Archive for Thursday, January 17, 2008
Whisper this 10 times: He is quite unusual
Dan Deacon, the spaz-out electronic composer behind last year’s absurdist, cathartic album “Spiderman of the Rings,” wants to reinvent the concert experience, not grandiosely but with modest gimmicks that have a surprising cumulative power.
At the El Rey on Tuesday, Baltimore’s musical resident du jour – one of them, anyway; the city is percolating as of late – divided his show into two sets, his first built around “Ultimate Reality.” That’s his new DVD, featuring three songs with video manipulated by Jimmy Joe Roche, one of Deacon’s co-conspirators in the artists collective Wham City, a spiritual relative of the Northeast’s influential Paper Rad art scene.
Two drummers from Baltimore bands – Ponytail’s Jeremy Hyman and Kevin O’Meare of Video Hippos – added a sometimes-primitive, sometimes-frenetic live element to the hyper-saturated psychedelics of “Ultimate Reality,” which screened behind the drummers, who were seated facing each other. “Ultimate Reality” has special resonance with Californians: The images are from Schwarzenegger films such as “Terminator 2” and “Kindergarten Cop.” The audience whooped while watching the Governator in drag, slurping up food in slow motion.
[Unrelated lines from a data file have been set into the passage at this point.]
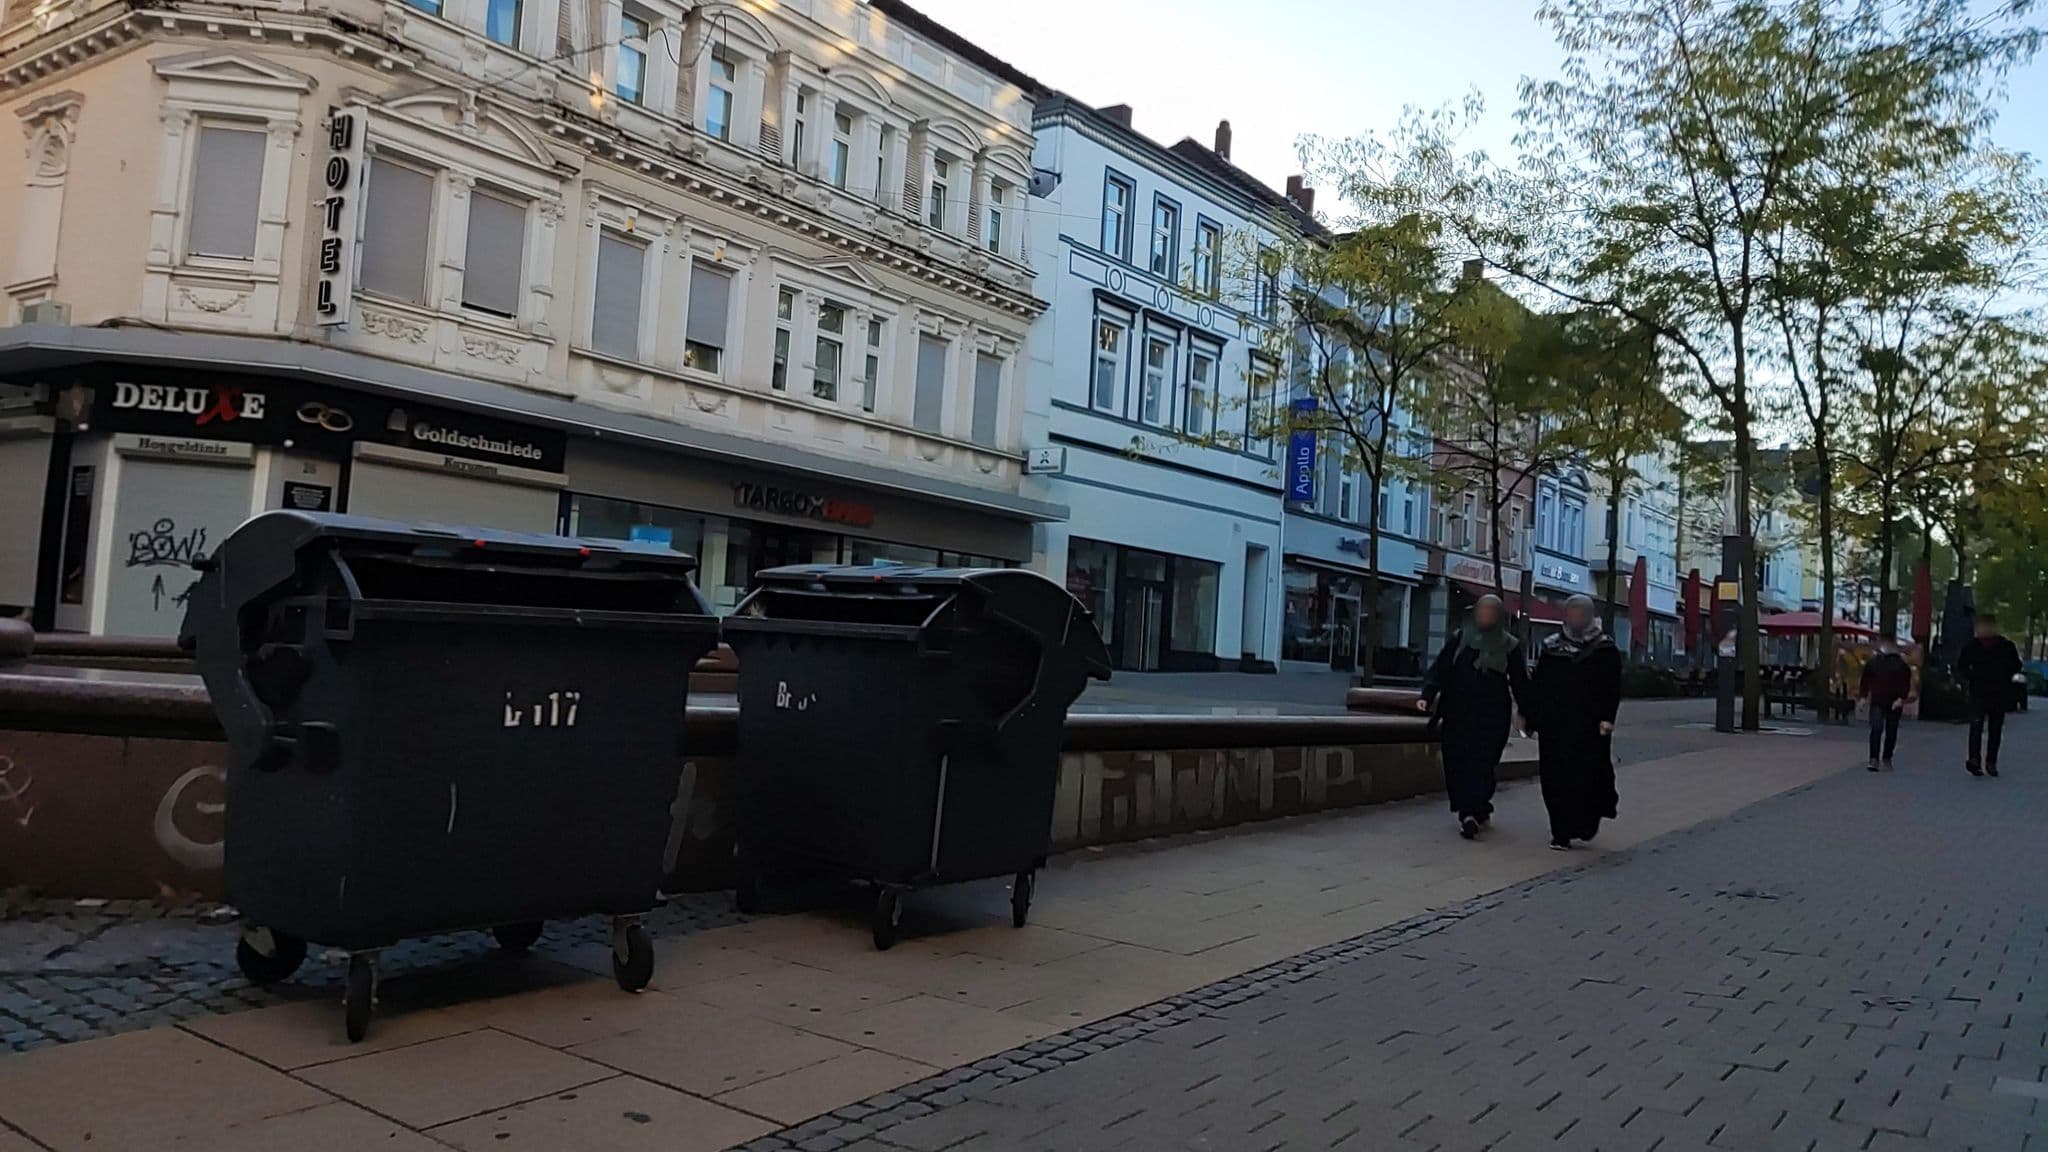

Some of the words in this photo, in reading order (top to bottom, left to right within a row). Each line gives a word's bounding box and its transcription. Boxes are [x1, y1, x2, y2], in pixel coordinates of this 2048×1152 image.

[316, 114, 353, 315] HOTEL
[112, 382, 266, 425] DELUXE
[413, 422, 543, 460] Goldschmiede
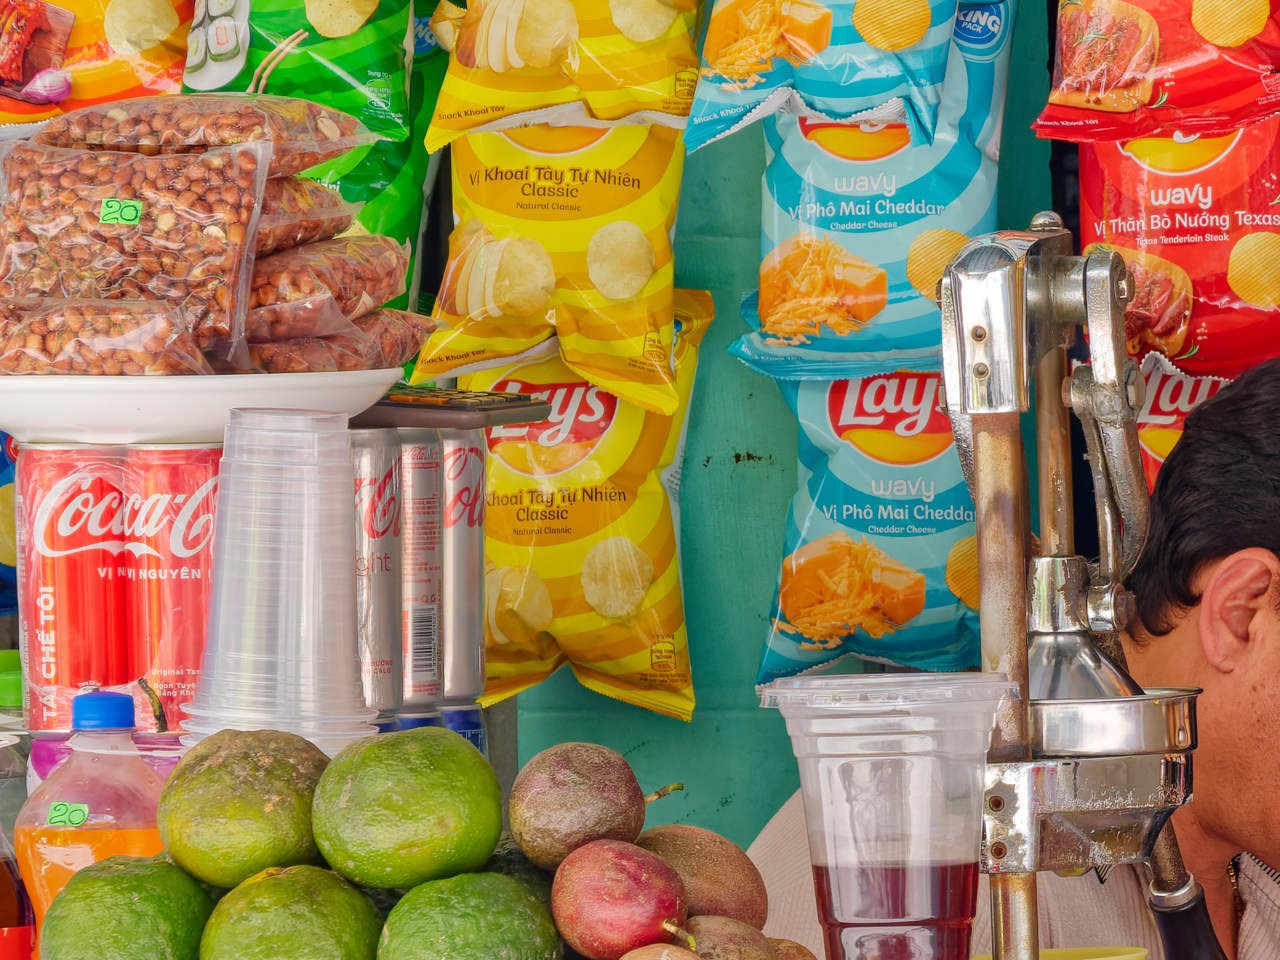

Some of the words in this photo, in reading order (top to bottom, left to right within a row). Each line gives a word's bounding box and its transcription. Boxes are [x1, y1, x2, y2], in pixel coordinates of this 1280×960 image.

[962, 21, 983, 33] PACK
[438, 111, 462, 121] Snack
[464, 107, 489, 118] Khoai
[469, 171, 480, 187] Vị
[484, 166, 529, 182] Khoai
[535, 166, 564, 184] Tây
[570, 167, 589, 184] Tự
[594, 169, 641, 189] Nhiên
[834, 172, 896, 197] wavy
[520, 182, 580, 199] Classic
[1151, 184, 1212, 208] wavy
[101, 200, 140, 224] 20
[516, 201, 549, 211] Natural
[551, 202, 582, 212] Classic
[807, 201, 836, 219] Phô
[840, 200, 871, 216] Mai
[875, 199, 945, 217] Cheddar
[830, 221, 867, 231] Cheddar
[868, 220, 898, 230] Cheese
[1094, 221, 1106, 239] Vị
[1110, 216, 1145, 232] Thăn
[1150, 213, 1171, 229] Bò
[1175, 211, 1230, 231] Nướng
[1136, 237, 1157, 246] Texas
[1159, 234, 1202, 245] Tenderloin
[1204, 233, 1230, 243] Steak
[490, 380, 606, 446] Ly's
[839, 377, 947, 436] Lay
[528, 489, 555, 508] Tây
[560, 488, 577, 505] Tự
[582, 487, 627, 502] Nhiên
[871, 477, 936, 502] wavy
[516, 507, 569, 522] Classic
[822, 506, 838, 524] Vị
[842, 503, 873, 520] Phô
[878, 503, 909, 520] Mai
[512, 526, 542, 536] Natural
[868, 525, 904, 535] Cheddar
[906, 524, 937, 535] Cheese
[139, 566, 201, 579] NGUYÊN
[355, 552, 391, 576] ght
[36, 586, 55, 625] TÔI
[185, 668, 200, 676] Tas
[49, 803, 87, 826] 20
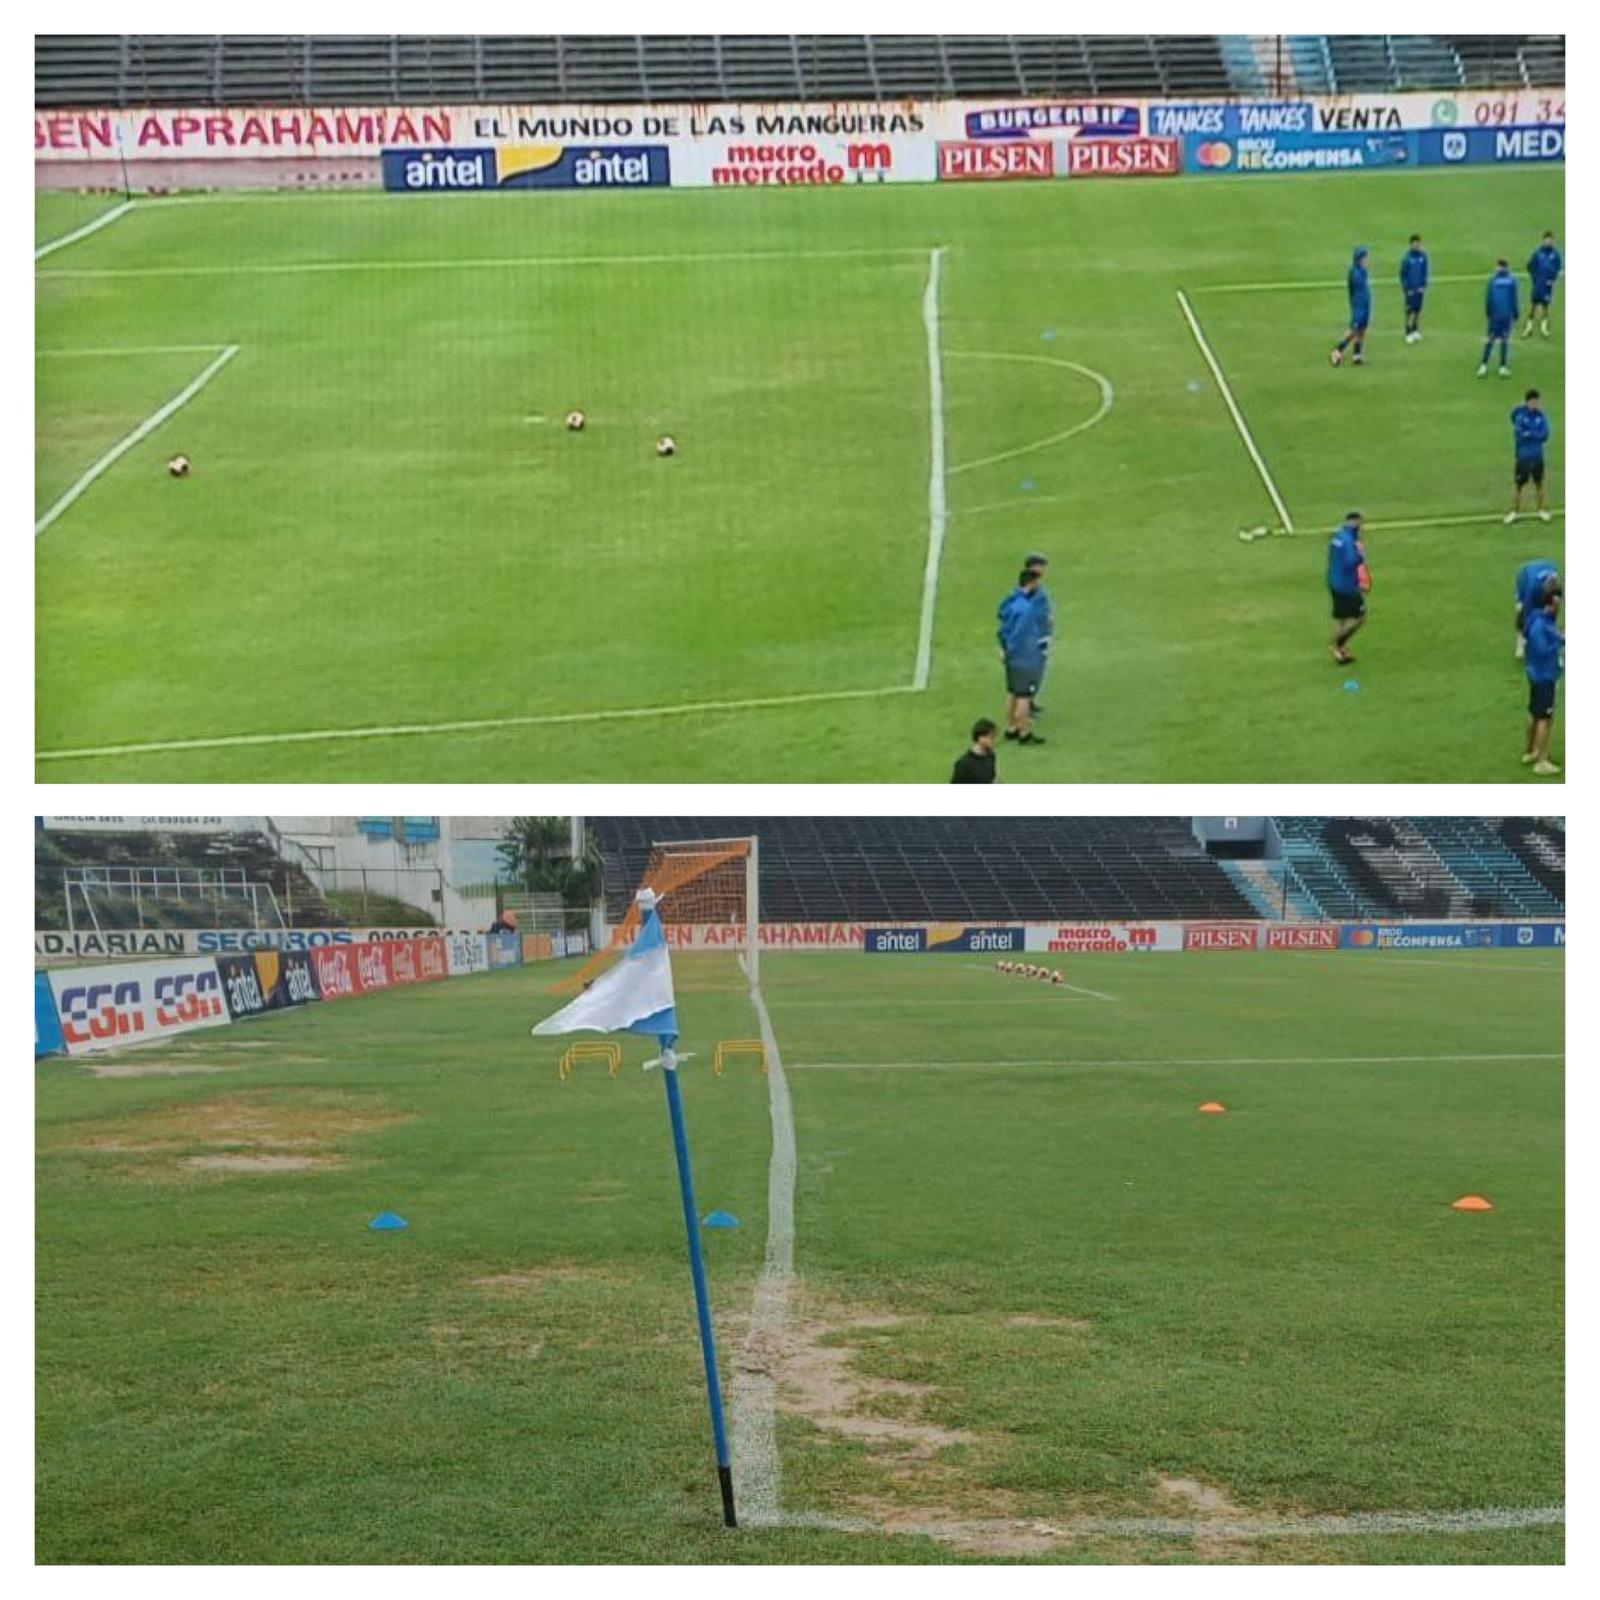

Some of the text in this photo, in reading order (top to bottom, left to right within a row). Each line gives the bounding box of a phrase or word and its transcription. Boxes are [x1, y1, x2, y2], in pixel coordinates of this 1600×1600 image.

[474, 113, 925, 138] EL MUNDO DE LAS MANGUERAS
[1319, 107, 1403, 130] VENTA
[1474, 100, 1519, 125] 091
[727, 143, 816, 163] macro
[943, 143, 1171, 174] PILSEN PILSEN
[406, 150, 650, 187] antel antel
[712, 159, 845, 186] mercado
[876, 930, 1012, 950] antel antel
[1187, 929, 1333, 947] PILSEN PILSEN
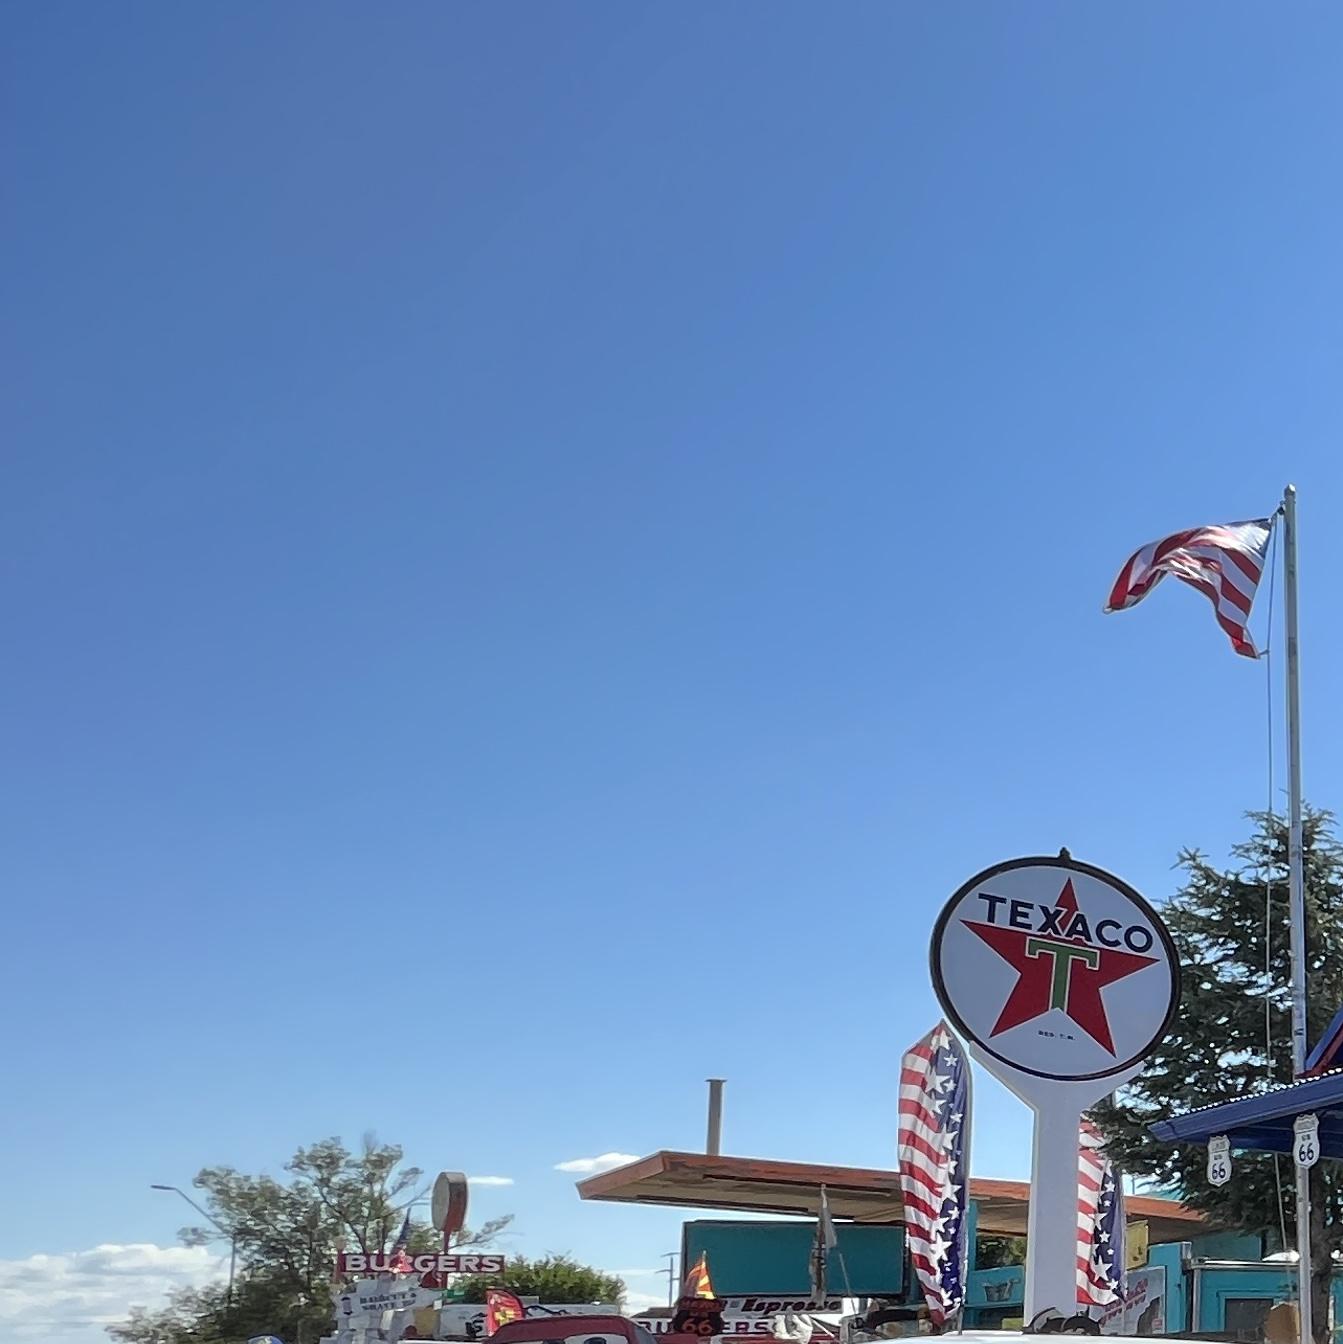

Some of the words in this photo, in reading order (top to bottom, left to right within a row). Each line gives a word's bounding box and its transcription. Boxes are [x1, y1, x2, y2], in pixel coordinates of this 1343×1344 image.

For his second set, Deacon performed solo from the floor, behind a table of blinking electronics, happily ensconced in a writhing mass of art-school kids whose tastes for the transcendently silly matched Deacon’s penchant for fluorescent clothes (think colored visors with tiny lights).
Although flustered by some technical difficulties, Deacon engaged the crowd with various stunts. He led them to whisper the word “professionalism” 10 times and then asked everyone to “think about what Ethan Hawke is doing right now.” Later, he asked the El Rey to turn up the lights and had the audience form a human tunnel and then a dance ring. Deacon, leading and directing like a possessed third-grade art teacher, tapped into the joy and awkwardness of group participation.
So what about the music? Obsessed with the manic logic of cartoons, Deacon crams his compositions with pop-noise orgasms – high-octane, maximalist, sometimes exhausting. In those moments of near self-flagellation, you wonder: What relief is on the other side? Deacon hasn’t quite resolved that issue, but it seemed clear in the brightest moments of “Crystal Cat” and “What City,” he’d figure it out soon enough.